--- TASK DESCRIPTION ---
All the data below goes into the copy word for word, but the pictures don't.

--- SUPPLIED ENTRIES ---
╭──

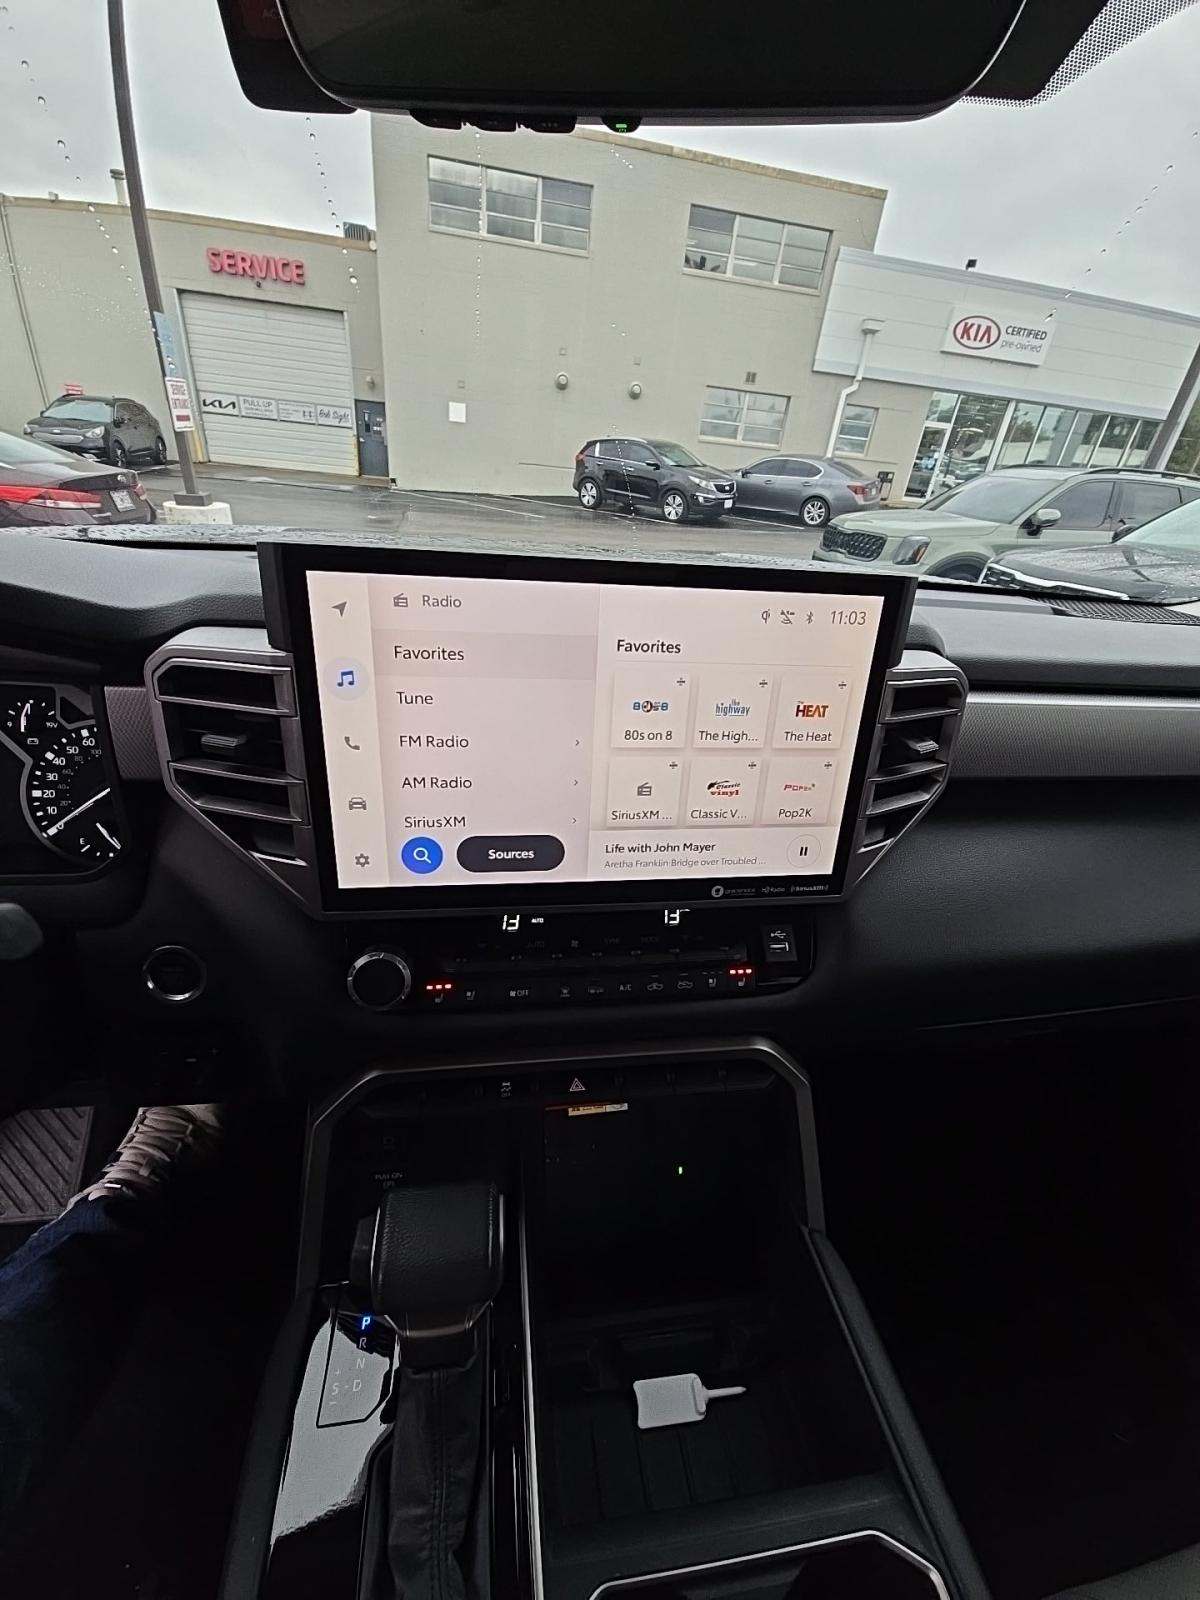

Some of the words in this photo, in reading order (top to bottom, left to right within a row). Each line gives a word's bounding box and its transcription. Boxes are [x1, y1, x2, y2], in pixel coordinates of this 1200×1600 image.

[206, 246, 306, 286] SERVICE
[960, 321, 992, 344] KIA
[1005, 325, 1047, 341] CERTIFIED
[1000, 340, 1042, 353] pre-owned
[422, 594, 462, 608] Radio
[830, 610, 867, 626] 11:03
[393, 645, 465, 661] Favorites
[616, 639, 681, 654] Favorites
[396, 691, 434, 705] Tune
[715, 703, 751, 717] highway
[795, 703, 829, 718] HEAT
[82, 738, 95, 746] 60
[399, 735, 422, 748] FM
[426, 735, 469, 748] Radio
[624, 730, 645, 741] 80s
[647, 732, 663, 741] on
[665, 730, 673, 741] 8
[699, 730, 719, 741] The
[784, 731, 804, 742] The
[806, 731, 832, 742] Heat
[66, 746, 79, 754] 50
[52, 757, 66, 765] 40
[45, 773, 58, 781] 30
[401, 777, 426, 789] AM
[430, 776, 472, 789] Radio
[43, 790, 55, 798] 20
[710, 788, 740, 797] vinyl
[690, 809, 728, 819] Classic
[778, 808, 813, 820] Pop2K
[404, 816, 467, 828] SiriusXM
[488, 848, 535, 860] Sources
[605, 843, 625, 854] Life
[627, 843, 652, 853] with
[653, 843, 680, 853] John
[683, 842, 716, 855] Mayer
[604, 860, 633, 869] Aretha
[635, 859, 669, 868] Franklin
[671, 858, 698, 869] Bridge
[721, 857, 757, 866] Troubled
[361, 1316, 371, 1330] P
[356, 1358, 366, 1369] N
[352, 1379, 362, 1392] D
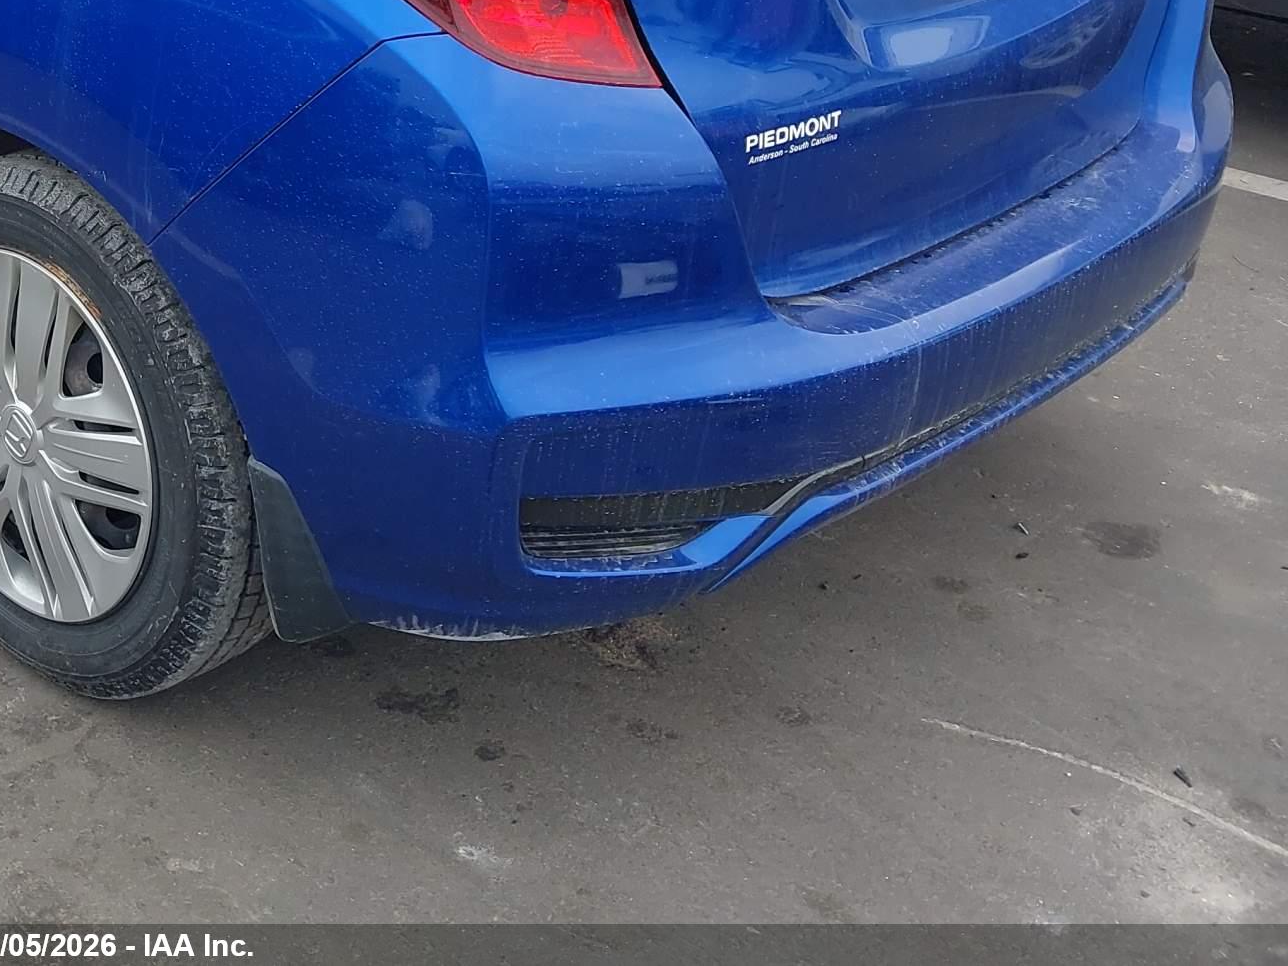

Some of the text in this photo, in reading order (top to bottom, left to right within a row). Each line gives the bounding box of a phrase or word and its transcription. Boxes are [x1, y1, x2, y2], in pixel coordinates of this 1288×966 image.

╰──

--- RESULT ---
Some of the words in this photo, in reading order (top to bottom, left to right within a row). Each line gives a word's bounding box and its transcription. Boxes are [x1, y1, x2, y2], in pixel coordinates of this 1200×1600 image.

[206, 246, 306, 286] SERVICE
[960, 321, 992, 344] KIA
[1005, 325, 1047, 341] CERTIFIED
[1000, 340, 1042, 353] pre-owned
[422, 594, 462, 608] Radio
[830, 610, 867, 626] 11:03
[393, 645, 465, 661] Favorites
[616, 639, 681, 654] Favorites
[396, 691, 434, 705] Tune
[715, 703, 751, 717] highway
[795, 703, 829, 718] HEAT
[82, 738, 95, 746] 60
[399, 735, 422, 748] FM
[426, 735, 469, 748] Radio
[624, 730, 645, 741] 80s
[647, 732, 663, 741] on
[665, 730, 673, 741] 8
[699, 730, 719, 741] The
[784, 731, 804, 742] The
[806, 731, 832, 742] Heat
[66, 746, 79, 754] 50
[52, 757, 66, 765] 40
[45, 773, 58, 781] 30
[401, 777, 426, 789] AM
[430, 776, 472, 789] Radio
[43, 790, 55, 798] 20
[710, 788, 740, 797] vinyl
[690, 809, 728, 819] Classic
[778, 808, 813, 820] Pop2K
[404, 816, 467, 828] SiriusXM
[488, 848, 535, 860] Sources
[605, 843, 625, 854] Life
[627, 843, 652, 853] with
[653, 843, 680, 853] John
[683, 842, 716, 855] Mayer
[604, 860, 633, 869] Aretha
[635, 859, 669, 868] Franklin
[671, 858, 698, 869] Bridge
[721, 857, 757, 866] Troubled
[361, 1316, 371, 1330] P
[356, 1358, 366, 1369] N
[352, 1379, 362, 1392] D

Some of the text in this photo, in reading order (top to bottom, left to right within a row). Each line gives the bounding box of a phrase or word and its transcription. Boxes are [x1, y1, x2, y2], in pixel coordinates of this 1288×966 image.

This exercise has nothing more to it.